**Activity:** For this exercise, print all of the entries exactly as given.

___ Exercise materials

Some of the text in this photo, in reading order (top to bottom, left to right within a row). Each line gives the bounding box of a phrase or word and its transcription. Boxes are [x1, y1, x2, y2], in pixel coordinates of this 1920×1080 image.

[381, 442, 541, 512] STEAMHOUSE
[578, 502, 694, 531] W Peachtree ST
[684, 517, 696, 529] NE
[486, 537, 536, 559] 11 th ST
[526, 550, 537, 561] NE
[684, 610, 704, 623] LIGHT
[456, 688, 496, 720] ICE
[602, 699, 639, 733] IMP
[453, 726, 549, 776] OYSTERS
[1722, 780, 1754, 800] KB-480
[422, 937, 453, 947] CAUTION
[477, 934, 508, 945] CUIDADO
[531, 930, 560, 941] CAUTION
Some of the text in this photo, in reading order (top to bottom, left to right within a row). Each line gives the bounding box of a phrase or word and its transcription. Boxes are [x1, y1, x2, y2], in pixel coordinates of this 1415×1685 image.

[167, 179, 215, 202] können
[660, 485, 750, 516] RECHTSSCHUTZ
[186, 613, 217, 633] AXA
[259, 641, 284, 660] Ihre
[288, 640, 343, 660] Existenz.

______

**Exercise output:**
Some of the text in this photo, in reading order (top to bottom, left to right within a row). Each line gives the bounding box of a phrase or word and its transcription. Boxes are [x1, y1, x2, y2], in pixel coordinates of this 1920×1080 image.

[381, 442, 541, 512] STEAMHOUSE
[578, 502, 694, 531] W Peachtree ST
[684, 517, 696, 529] NE
[486, 537, 536, 559] 11 th ST
[526, 550, 537, 561] NE
[684, 610, 704, 623] LIGHT
[456, 688, 496, 720] ICE
[602, 699, 639, 733] IMP
[453, 726, 549, 776] OYSTERS
[1722, 780, 1754, 800] KB-480
[422, 937, 453, 947] CAUTION
[477, 934, 508, 945] CUIDADO
[531, 930, 560, 941] CAUTION
Some of the text in this photo, in reading order (top to bottom, left to right within a row). Each line gives the bounding box of a phrase or word and its transcription. Boxes are [x1, y1, x2, y2], in pixel coordinates of this 1415×1685 image.

[167, 179, 215, 202] können
[660, 485, 750, 516] RECHTSSCHUTZ
[186, 613, 217, 633] AXA
[259, 641, 284, 660] Ihre
[288, 640, 343, 660] Existenz.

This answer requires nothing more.